How do you afford private school?

Anonymous
Anonymous wrote:
Anonymous wrote:
Anonymous wrote:
Anonymous wrote:
Anonymous wrote:
Anonymous wrote:One word -- grandparents


+1

Us as well.

And from what I can tell, at least one third of our school...


Two words: white privilege. The truth is most minority families can’t rely on mommy and daddy’s money to attend private school.


The phrase "white privilege" is growing old already. It doesn't explain everything in life. You really need to target your anger on Bezos, Zuckerberg, Buffet, and Dimon, etc. You're attacking people of roughly the same class as you because they are doing slightly better financially and making different choices than you.

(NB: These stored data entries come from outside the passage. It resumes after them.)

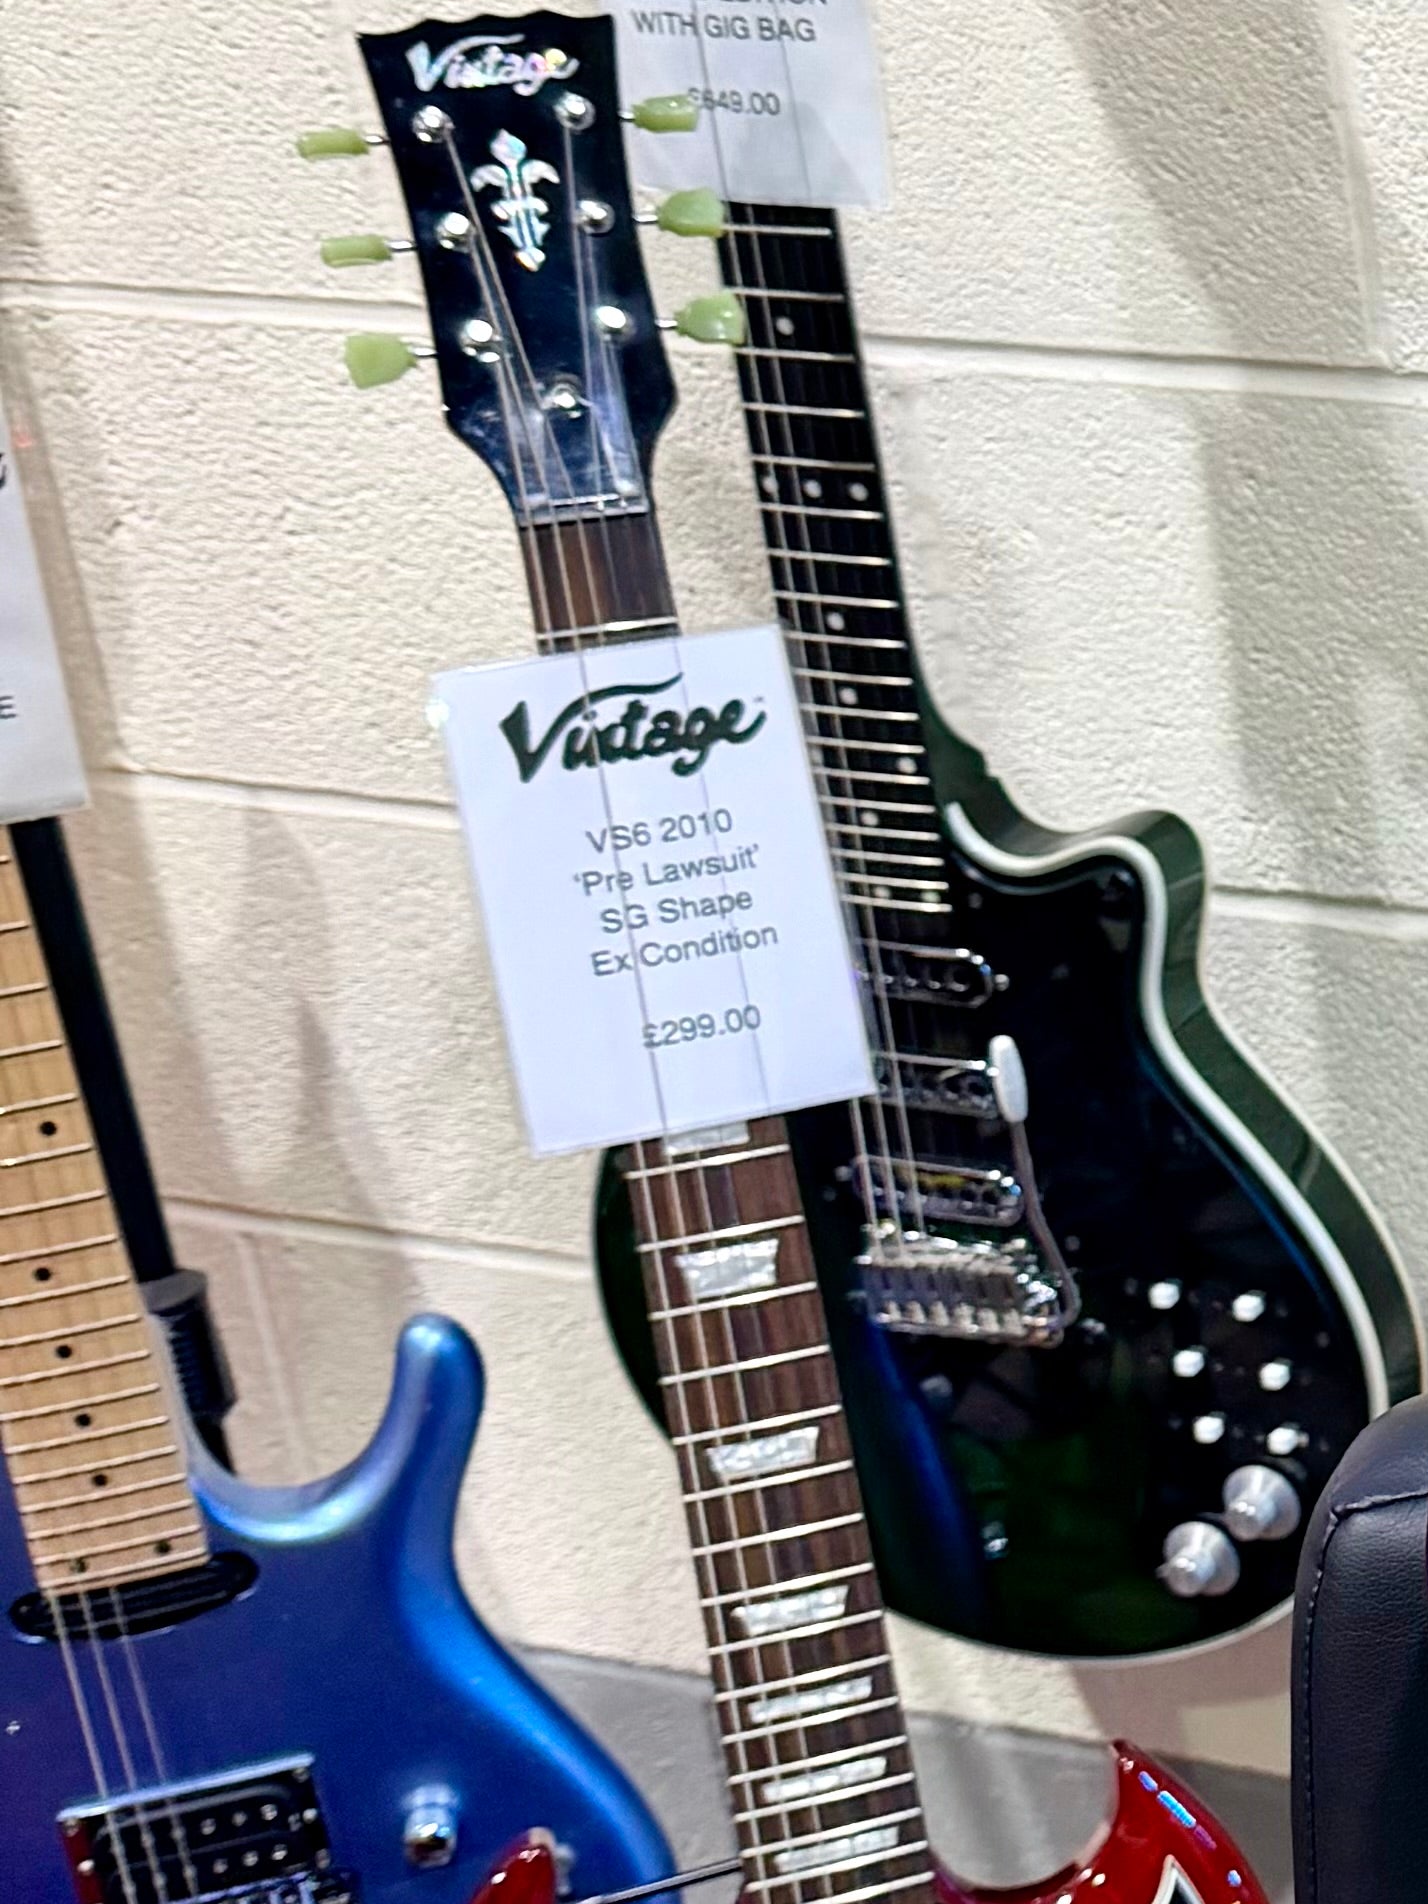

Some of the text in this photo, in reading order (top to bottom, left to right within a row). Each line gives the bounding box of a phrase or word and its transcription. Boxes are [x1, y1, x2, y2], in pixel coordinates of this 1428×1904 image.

[631, 10, 817, 43] WITH GIG BAG
[500, 671, 767, 783] Vintage
[585, 808, 733, 854] VS6 2010
[600, 891, 753, 934] SG Shape
[591, 926, 779, 977] Ex Condition
[642, 1004, 761, 1049] £299.00

Redirect your anger elsewhere.

Yes, my son's mommy and daddy are paying for his LS. He's under 10 y/o - difficult to be self-made at that age. And before you start about my being born w a silver spoon in my mouth - think again. I was a latchkey kid of a single mom who attending junior college while I was in upper ES and MS and finished her BS while I was in HS. She went to law school when I went to college. I watched her bust her arse and tried to work even hard than she did. Took FA loans, the whole bit, and somehow overcame the odds with some luck, some mentoring, and some hard work. So go away with the privilege argument. It's stale.


As my black dad used to say, if you are poor and white, you are either dumb or lazy. Pick one. That’s why your mother came from the background she did. Her parents (your grandparents) are to blame.


Your dad was a fool then.


Yeah, only dumb lazy people were poor during the Great Depression if they were white. That doesn't seem racist at all.
Anonymous
Anonymous wrote:
Anonymous wrote:
Anonymous wrote:
Anonymous wrote:
Anonymous wrote:
Anonymous wrote:
Anonymous wrote:One word -- grandparents


+1

Us as well.

And from what I can tell, at least one third of our school...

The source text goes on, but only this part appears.